- Data excerpts
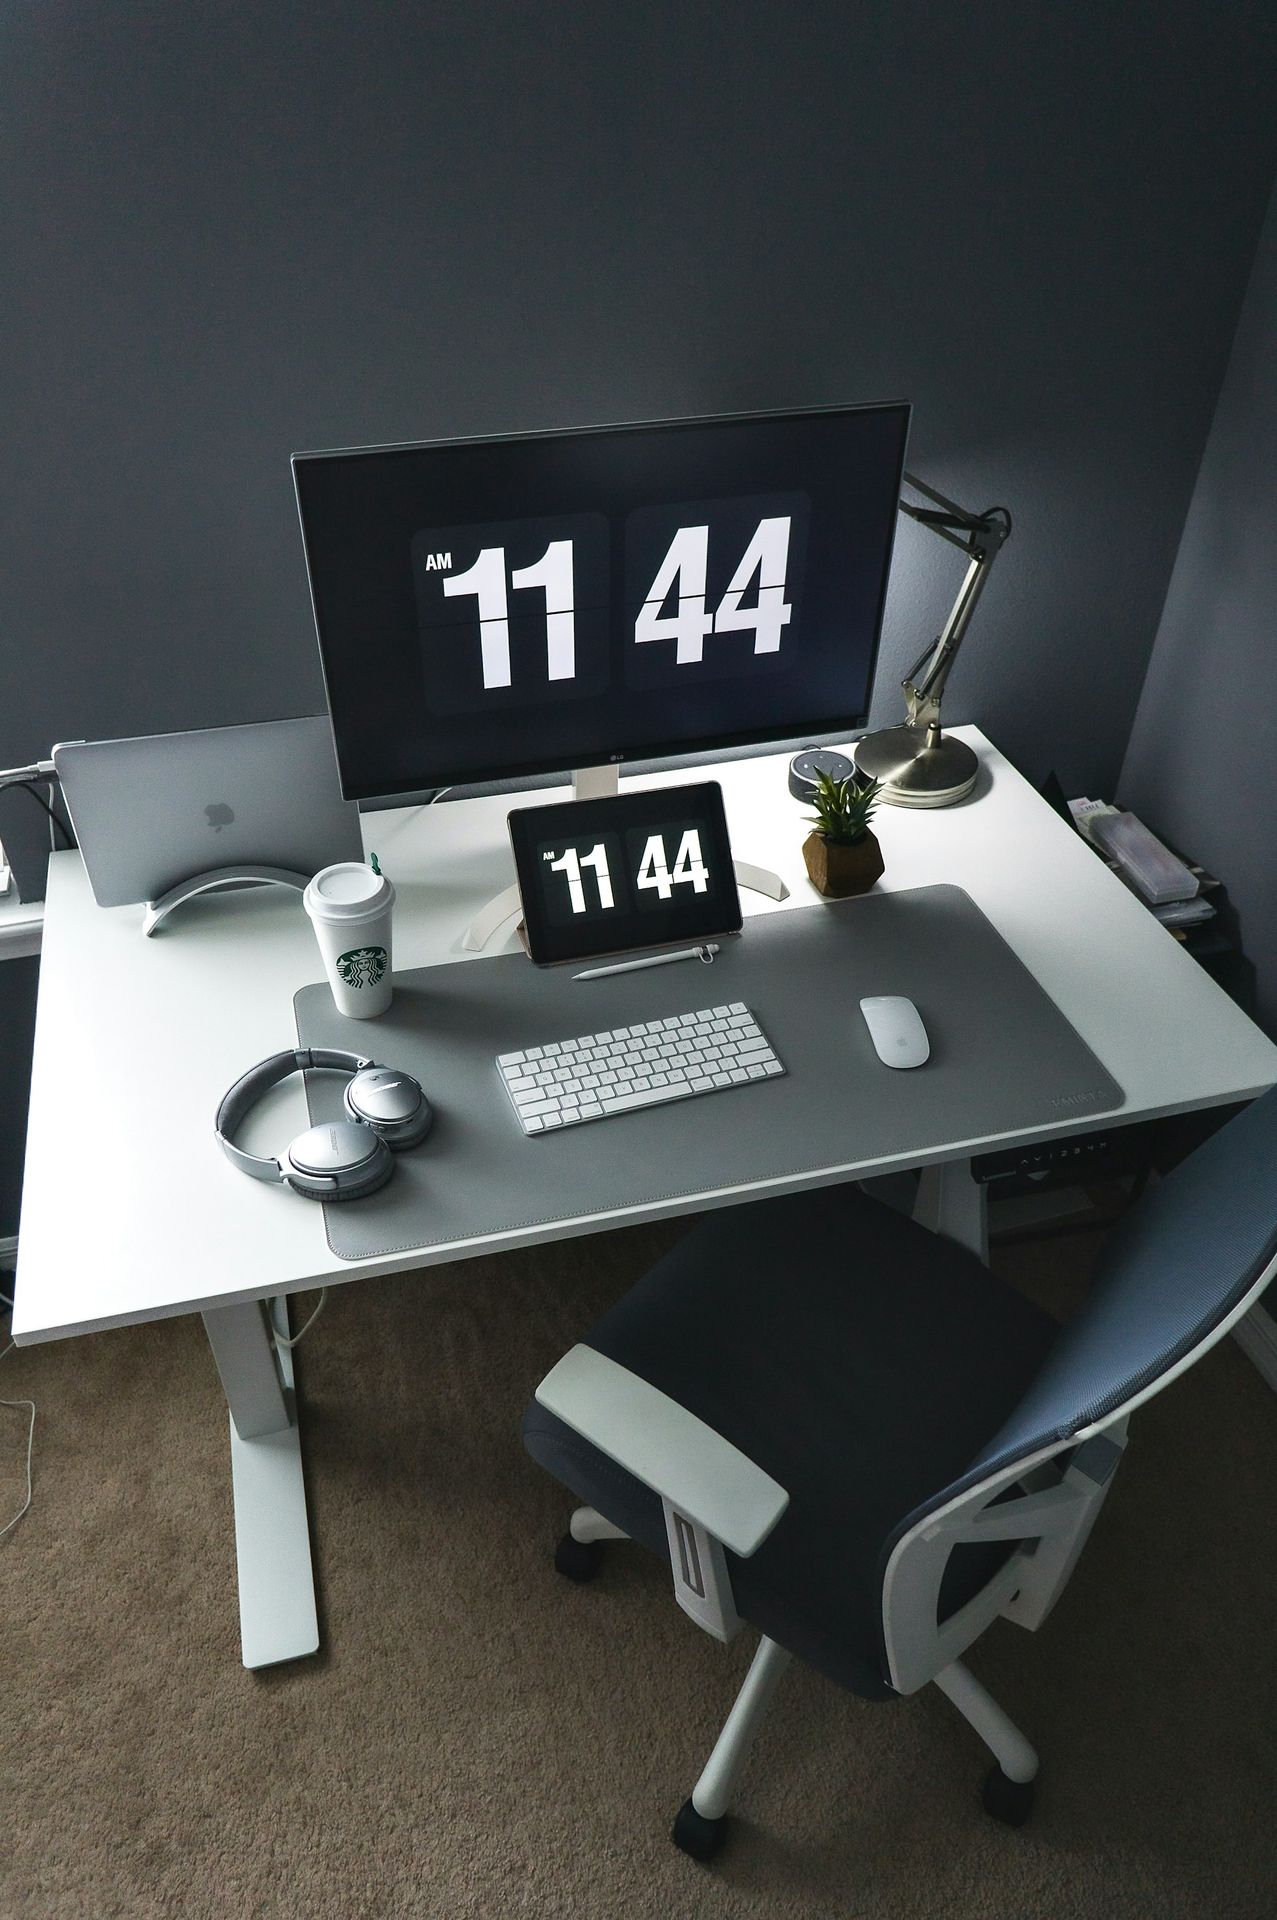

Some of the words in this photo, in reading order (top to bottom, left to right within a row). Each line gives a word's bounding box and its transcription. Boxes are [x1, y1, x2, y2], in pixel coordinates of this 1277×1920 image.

[425, 552, 453, 571] AM
[442, 539, 576, 689] 11
[634, 516, 792, 665] 44
[543, 851, 555, 861] AM
[550, 843, 615, 914] 11
[636, 829, 710, 900] 44

- THE TASK
Each record should appear again exactly as it stands, with no picture included.

- RESPONSE BELOW
Some of the words in this photo, in reading order (top to bottom, left to right within a row). Each line gives a word's bounding box and its transcription. Boxes are [x1, y1, x2, y2], in pixel coordinates of this 1277×1920 image.

[425, 552, 453, 571] AM
[442, 539, 576, 689] 11
[634, 516, 792, 665] 44
[543, 851, 555, 861] AM
[550, 843, 615, 914] 11
[636, 829, 710, 900] 44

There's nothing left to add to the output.